How Tolkien found “applicability” in his own story

… Very much love to you, and all my thoughts and prayers.  How much I wish to know! “When you return to the lands of the living, and we re-tell our tales, sitting by a wall in the sun, laughing at old grief, you shall tell me then” (Faramir to Frodo).

So wrote J. R. R. Tolkien to his son Christopher on May 12, 1944.  Tolkien insisted his stories were neither allegorical nor even topical.  This seems interesting since he so easily invoked his own writing to explain or illuminate situations in his own life.

I think his point was that he wanted all his readers to be able to do the same as he did without feeling constrained by his own “topical” use of his text.  That, at least, is the best I can do to make sense of his “anti-allegoricalism.”

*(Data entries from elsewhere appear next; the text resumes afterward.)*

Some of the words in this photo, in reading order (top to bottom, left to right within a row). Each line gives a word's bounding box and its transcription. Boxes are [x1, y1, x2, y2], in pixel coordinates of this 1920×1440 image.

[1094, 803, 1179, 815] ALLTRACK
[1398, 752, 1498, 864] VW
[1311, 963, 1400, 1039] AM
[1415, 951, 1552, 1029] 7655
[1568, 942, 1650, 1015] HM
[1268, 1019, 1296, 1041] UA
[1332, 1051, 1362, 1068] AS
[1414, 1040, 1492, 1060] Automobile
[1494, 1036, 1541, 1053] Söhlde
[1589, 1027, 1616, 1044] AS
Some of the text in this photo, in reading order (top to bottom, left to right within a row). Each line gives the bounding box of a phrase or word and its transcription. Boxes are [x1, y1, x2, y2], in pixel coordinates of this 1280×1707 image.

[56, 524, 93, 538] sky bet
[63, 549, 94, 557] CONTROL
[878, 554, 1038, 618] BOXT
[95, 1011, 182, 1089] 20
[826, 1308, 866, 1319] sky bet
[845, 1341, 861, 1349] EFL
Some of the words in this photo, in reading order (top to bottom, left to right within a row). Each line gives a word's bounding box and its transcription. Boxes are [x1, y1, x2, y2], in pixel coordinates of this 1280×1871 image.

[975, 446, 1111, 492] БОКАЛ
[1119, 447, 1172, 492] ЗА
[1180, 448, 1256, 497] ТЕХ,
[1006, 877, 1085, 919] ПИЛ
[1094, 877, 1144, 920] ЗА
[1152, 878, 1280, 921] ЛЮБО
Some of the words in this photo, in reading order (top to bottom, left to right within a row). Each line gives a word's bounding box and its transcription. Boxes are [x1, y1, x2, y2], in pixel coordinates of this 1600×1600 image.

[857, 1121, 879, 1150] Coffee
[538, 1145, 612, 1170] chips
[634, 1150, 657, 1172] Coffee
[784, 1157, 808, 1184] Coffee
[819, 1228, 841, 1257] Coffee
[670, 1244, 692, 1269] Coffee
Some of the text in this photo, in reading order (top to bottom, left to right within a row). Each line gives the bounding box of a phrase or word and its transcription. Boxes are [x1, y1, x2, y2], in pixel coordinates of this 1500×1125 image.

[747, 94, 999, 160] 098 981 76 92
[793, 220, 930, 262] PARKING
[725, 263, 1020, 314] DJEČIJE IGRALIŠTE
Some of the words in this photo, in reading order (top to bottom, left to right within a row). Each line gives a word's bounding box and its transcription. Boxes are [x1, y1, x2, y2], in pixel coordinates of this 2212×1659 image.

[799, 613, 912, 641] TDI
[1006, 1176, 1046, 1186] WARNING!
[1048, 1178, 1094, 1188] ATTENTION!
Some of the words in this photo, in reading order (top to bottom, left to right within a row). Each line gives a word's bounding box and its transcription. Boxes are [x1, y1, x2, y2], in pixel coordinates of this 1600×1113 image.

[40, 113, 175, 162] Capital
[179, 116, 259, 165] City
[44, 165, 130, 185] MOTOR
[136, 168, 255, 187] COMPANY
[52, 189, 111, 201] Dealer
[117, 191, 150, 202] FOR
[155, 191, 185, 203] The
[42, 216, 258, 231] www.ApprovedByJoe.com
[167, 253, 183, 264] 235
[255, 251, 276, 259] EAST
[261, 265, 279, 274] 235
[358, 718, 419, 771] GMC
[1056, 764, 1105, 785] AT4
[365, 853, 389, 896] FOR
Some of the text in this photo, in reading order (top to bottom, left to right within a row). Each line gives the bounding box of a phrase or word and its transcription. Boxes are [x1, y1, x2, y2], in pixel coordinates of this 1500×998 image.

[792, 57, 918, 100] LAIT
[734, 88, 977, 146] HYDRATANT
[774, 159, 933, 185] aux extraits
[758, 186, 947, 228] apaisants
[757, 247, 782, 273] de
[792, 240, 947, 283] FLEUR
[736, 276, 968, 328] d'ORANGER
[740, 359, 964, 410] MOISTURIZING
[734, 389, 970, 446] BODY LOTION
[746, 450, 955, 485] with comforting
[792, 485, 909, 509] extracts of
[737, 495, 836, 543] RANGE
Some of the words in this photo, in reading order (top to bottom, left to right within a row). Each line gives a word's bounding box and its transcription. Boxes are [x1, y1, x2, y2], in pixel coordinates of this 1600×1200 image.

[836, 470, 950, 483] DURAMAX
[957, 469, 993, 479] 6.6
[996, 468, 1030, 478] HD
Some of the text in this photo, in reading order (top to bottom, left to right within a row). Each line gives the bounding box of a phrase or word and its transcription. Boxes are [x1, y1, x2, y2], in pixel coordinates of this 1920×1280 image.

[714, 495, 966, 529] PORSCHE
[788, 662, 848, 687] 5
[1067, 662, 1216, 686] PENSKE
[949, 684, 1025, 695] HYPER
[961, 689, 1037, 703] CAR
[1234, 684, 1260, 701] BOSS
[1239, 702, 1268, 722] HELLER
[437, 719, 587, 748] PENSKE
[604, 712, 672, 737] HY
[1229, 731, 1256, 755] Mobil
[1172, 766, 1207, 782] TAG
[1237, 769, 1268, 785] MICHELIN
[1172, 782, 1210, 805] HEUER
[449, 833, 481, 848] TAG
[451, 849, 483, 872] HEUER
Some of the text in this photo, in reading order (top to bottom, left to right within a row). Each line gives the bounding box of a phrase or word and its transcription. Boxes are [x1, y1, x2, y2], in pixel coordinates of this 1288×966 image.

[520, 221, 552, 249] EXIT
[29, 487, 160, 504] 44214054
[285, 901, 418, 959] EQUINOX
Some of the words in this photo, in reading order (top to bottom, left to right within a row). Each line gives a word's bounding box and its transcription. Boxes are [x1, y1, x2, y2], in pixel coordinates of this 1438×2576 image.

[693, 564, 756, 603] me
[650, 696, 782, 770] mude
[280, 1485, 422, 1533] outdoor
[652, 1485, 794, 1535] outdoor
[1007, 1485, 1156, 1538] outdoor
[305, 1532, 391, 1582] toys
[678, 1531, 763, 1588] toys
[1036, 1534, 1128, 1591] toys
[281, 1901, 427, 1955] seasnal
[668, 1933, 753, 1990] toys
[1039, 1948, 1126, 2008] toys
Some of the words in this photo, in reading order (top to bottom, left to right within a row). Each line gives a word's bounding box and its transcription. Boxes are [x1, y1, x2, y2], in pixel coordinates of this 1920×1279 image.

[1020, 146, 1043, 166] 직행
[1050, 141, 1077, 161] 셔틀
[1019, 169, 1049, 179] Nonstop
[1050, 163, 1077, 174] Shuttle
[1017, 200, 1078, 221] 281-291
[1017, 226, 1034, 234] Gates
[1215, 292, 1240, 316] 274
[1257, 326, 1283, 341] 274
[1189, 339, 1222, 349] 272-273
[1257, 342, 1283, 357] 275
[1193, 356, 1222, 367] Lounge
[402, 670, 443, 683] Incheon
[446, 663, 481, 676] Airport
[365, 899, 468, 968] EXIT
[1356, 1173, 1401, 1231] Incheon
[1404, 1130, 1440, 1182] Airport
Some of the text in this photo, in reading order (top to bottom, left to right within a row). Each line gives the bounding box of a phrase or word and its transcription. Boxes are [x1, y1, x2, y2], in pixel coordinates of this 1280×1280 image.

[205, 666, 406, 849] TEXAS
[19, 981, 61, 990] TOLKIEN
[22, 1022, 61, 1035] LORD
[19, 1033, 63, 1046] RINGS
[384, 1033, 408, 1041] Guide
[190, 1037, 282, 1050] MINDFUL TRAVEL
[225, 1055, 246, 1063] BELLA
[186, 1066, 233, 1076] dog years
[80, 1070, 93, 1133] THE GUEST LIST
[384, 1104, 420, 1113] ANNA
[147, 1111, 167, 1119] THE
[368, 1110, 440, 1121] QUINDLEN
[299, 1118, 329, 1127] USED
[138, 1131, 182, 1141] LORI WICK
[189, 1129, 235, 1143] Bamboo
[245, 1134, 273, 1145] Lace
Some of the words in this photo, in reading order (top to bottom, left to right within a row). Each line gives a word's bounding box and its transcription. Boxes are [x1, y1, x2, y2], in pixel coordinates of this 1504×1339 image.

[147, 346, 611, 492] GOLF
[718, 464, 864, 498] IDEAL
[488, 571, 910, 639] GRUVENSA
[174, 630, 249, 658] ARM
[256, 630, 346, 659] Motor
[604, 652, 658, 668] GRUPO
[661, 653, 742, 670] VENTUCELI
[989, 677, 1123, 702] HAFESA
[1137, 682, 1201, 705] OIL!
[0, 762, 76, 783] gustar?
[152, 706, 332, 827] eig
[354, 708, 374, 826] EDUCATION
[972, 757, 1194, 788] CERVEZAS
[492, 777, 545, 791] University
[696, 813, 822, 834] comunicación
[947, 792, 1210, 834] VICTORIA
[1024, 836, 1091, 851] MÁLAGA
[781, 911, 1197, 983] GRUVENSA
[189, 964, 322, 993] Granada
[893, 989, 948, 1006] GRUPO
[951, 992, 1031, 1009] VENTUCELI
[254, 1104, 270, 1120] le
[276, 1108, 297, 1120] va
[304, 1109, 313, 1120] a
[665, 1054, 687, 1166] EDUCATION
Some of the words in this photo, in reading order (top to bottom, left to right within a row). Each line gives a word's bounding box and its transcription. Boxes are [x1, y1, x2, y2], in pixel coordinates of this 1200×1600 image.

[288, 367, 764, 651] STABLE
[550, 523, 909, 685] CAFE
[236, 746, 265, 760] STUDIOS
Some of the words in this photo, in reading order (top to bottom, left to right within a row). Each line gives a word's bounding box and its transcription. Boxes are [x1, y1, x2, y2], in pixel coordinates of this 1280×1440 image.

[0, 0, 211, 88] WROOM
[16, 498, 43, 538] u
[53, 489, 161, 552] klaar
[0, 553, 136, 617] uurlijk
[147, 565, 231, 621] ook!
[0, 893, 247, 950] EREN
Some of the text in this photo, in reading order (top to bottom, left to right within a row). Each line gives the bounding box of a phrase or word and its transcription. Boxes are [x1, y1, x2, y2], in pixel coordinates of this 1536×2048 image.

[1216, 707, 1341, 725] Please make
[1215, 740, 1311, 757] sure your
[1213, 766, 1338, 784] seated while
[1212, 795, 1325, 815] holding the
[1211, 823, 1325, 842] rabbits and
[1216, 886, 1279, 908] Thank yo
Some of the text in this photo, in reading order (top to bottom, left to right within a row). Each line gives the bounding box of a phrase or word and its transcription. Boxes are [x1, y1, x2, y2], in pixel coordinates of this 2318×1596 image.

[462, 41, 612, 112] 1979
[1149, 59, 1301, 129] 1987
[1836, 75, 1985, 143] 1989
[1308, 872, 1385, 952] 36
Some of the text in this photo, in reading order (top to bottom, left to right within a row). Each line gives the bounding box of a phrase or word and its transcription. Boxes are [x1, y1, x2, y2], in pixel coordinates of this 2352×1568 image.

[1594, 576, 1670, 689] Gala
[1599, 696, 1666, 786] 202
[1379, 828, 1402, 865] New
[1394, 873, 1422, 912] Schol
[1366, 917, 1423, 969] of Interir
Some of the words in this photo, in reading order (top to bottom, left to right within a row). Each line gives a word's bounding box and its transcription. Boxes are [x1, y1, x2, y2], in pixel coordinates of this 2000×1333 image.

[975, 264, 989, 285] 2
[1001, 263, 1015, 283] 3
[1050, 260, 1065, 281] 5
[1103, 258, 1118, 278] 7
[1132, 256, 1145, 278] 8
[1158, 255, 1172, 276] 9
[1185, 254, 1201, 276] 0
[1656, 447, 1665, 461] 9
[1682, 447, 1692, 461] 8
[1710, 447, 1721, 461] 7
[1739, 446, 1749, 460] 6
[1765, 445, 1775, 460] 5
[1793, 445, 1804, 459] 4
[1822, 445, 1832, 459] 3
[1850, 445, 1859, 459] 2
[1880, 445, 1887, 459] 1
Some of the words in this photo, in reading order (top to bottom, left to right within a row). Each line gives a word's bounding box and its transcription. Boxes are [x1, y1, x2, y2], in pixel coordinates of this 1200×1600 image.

One thought on “How Tolkien found “applicability” in his own story

  1. pentamom

    Yes, I think he perceived himself as writing about realities that hold true whether they are embodied in the events of and specific characteristics of Middle Earth or those of our own world. That’s rather different from a “this is that” kind of allegory, or writing a story to make a particular point about a particular thing going on in our world. I think that’s also the way the Christian imagery works in Harry Potter — Harry’s story isn’t supposed to trace to the gospel as though Harry were the savior or something, but it works because it shares certain realities.